“You have cancer.”
Hearing those words once is devastating. Is there anything you can do to prevent hearing them a second or third time?
Many studies have focused on factors affecting cancer recurrence, and now a national clinical trial is underway to determine whether losing weight changes the risk of cancer recurrence in women who have been diagnosed with early breast cancer. Florida Hospital Memorial Medical Center has opened a National Cancer Institute clinical trial to address this question.
“The Breast Cancer Weight Loss study (BWEL) will enroll more than 3,000 patients with breast cancer in the United States and Canada,” said Lindsay Cashio, the hospital’s assistant director of communications. “The results of this study will help researchers understand if losing weight after breast cancer diagnosis helps to decrease the risk of breast cancer recurrence. It is very exciting, as it is the first large, national, randomized trial examining this issue.”

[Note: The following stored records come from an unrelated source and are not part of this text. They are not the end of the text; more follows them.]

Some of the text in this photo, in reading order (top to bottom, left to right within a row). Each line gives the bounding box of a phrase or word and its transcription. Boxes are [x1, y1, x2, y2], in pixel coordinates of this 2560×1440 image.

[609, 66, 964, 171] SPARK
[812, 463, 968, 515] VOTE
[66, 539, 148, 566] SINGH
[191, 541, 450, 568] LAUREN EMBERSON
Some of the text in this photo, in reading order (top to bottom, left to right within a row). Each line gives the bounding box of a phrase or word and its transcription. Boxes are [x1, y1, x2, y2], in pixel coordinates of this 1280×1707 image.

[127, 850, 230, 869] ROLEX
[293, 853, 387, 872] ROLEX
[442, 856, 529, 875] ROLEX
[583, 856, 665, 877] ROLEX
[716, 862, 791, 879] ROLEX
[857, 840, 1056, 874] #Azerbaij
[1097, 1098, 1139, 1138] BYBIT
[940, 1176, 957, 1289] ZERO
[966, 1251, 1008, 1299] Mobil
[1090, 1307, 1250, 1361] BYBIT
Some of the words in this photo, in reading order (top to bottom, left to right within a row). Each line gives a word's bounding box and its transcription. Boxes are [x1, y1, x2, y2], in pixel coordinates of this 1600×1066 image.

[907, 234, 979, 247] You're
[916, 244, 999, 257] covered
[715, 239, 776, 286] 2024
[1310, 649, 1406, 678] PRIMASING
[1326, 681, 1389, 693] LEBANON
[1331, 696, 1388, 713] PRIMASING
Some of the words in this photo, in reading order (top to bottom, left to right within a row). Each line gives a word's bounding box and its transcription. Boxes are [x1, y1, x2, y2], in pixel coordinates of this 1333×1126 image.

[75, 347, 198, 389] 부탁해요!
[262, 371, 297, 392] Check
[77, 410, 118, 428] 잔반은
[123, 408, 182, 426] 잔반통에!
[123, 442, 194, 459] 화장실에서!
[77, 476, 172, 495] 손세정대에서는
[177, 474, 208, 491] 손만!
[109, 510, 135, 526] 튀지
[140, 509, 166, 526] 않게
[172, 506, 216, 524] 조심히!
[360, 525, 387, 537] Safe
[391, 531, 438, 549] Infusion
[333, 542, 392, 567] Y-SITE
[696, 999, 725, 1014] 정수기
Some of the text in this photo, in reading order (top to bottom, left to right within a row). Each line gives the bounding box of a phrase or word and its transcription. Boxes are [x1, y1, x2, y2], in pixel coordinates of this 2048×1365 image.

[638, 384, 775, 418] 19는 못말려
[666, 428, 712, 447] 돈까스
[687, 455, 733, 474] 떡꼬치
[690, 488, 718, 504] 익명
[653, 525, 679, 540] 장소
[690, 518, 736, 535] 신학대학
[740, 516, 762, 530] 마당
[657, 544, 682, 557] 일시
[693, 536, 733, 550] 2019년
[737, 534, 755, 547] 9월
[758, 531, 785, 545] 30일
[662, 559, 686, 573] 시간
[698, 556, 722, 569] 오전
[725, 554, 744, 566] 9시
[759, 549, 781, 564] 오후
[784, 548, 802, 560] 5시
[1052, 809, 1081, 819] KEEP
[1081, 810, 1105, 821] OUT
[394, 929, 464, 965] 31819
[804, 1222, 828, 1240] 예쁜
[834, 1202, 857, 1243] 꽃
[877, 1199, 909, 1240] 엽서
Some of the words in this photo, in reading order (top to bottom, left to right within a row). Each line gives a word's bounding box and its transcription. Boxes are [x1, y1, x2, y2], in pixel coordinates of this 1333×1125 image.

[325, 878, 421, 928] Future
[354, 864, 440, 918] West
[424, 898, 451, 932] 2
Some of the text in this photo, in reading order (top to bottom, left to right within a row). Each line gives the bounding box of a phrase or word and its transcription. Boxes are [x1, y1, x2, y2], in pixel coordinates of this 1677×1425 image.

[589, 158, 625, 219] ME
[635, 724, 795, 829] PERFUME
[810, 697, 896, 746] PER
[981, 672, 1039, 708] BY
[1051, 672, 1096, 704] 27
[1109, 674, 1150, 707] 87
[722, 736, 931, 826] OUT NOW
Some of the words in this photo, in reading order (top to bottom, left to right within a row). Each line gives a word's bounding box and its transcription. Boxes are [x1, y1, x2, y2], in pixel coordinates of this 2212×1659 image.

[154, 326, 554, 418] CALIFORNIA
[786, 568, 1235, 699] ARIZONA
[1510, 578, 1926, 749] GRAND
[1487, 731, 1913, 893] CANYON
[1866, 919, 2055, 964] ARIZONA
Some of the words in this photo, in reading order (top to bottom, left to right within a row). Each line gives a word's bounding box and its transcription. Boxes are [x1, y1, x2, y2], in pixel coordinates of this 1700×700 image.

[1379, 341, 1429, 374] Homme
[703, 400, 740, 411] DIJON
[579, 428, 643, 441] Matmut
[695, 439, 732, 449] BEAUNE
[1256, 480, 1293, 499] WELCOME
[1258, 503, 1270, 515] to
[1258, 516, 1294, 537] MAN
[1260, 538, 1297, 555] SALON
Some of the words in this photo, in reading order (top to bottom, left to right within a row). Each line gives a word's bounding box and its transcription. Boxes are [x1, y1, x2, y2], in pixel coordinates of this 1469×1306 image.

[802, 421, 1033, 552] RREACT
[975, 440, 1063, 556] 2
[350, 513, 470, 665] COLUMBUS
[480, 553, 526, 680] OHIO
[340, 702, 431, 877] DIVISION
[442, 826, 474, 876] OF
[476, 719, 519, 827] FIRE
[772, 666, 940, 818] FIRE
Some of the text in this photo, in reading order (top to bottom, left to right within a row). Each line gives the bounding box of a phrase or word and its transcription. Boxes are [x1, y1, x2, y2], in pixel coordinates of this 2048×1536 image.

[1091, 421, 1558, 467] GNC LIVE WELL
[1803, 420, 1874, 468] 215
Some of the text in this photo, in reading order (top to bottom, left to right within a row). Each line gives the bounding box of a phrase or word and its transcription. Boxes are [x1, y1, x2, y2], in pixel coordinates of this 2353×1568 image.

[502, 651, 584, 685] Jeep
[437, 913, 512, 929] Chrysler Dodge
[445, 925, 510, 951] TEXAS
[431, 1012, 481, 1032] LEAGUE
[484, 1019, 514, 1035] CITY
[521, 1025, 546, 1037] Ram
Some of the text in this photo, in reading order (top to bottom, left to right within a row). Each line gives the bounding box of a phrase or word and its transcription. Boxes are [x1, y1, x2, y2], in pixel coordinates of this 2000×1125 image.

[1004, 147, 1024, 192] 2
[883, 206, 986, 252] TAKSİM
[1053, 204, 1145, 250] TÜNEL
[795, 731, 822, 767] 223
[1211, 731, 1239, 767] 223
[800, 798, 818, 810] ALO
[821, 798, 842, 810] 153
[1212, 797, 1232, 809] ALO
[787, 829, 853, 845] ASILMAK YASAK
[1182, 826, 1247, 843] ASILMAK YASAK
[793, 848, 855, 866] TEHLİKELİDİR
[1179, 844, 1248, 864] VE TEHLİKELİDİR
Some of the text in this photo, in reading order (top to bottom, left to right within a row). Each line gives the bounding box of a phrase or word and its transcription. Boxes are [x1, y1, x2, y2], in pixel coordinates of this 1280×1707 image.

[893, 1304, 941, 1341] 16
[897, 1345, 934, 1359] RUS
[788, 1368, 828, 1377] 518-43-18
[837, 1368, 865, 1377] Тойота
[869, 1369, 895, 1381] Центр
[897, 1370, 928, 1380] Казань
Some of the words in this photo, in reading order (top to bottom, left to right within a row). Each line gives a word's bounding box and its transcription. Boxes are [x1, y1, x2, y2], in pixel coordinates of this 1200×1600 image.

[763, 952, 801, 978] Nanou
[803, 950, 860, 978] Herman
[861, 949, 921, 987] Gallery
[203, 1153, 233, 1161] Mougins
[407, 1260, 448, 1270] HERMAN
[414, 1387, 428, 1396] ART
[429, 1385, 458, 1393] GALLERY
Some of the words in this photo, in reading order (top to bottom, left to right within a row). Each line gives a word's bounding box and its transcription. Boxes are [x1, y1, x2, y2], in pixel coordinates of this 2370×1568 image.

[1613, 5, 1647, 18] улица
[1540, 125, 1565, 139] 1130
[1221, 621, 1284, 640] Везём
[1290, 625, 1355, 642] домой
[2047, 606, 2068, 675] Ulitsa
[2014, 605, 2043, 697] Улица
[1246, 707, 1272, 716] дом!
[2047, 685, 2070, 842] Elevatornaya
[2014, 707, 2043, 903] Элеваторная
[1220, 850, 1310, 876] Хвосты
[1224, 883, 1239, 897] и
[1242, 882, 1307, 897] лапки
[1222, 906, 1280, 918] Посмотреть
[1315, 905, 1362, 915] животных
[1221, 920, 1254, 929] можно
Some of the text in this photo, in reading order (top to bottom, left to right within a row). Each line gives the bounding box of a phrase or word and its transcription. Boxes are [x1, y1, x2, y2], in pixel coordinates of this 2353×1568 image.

The trial has two parts. One for those on the trial itself, the other for those in a health education control group, about half in each. Admission to the clinic trial is limited to stage II and stage III breast cancer patients who are within one year of their initial diagnosis, older than 18, with a BMI of 27 or greater and other criteria.
For those women who are not eligible for the trial, a Florida Hospital Memorial Medical Center Cancer Institute registered dietitian will run a six-week series of classes called “Weight Loss for Breast Cancer Survivors.”
Judy King, 75, Ormond Beach, is attending the classes, which she heard about while volunteering at the cancer center. In 2002, King had a mastectomy on one breast, and in 2011, a recurrence on the same side, affecting her lymph nodes.
“After five years, you think you are home clear,” she said, but studies show that recurrence can happen at any time. King’s recurrence was discovered by her masseuse, who told her: “I don’t like the feel of this. You need to have this checked.”
Dr. Eric Harris said weight gain after breast cancer treatment is common. Harris, partnering with the hospital and the trial, is a hematologist/oncologist, said stress, anxiety and supportive care drugs, such as steroids and hormonal anti-estrogen treatments, can cause increased appetite and weight gain. “Patients can feel pretty beat-up following treatment.”
In secondary prevention, doctors address diet and exercise, estrogen, smoking and keys to a healthy lifestyle.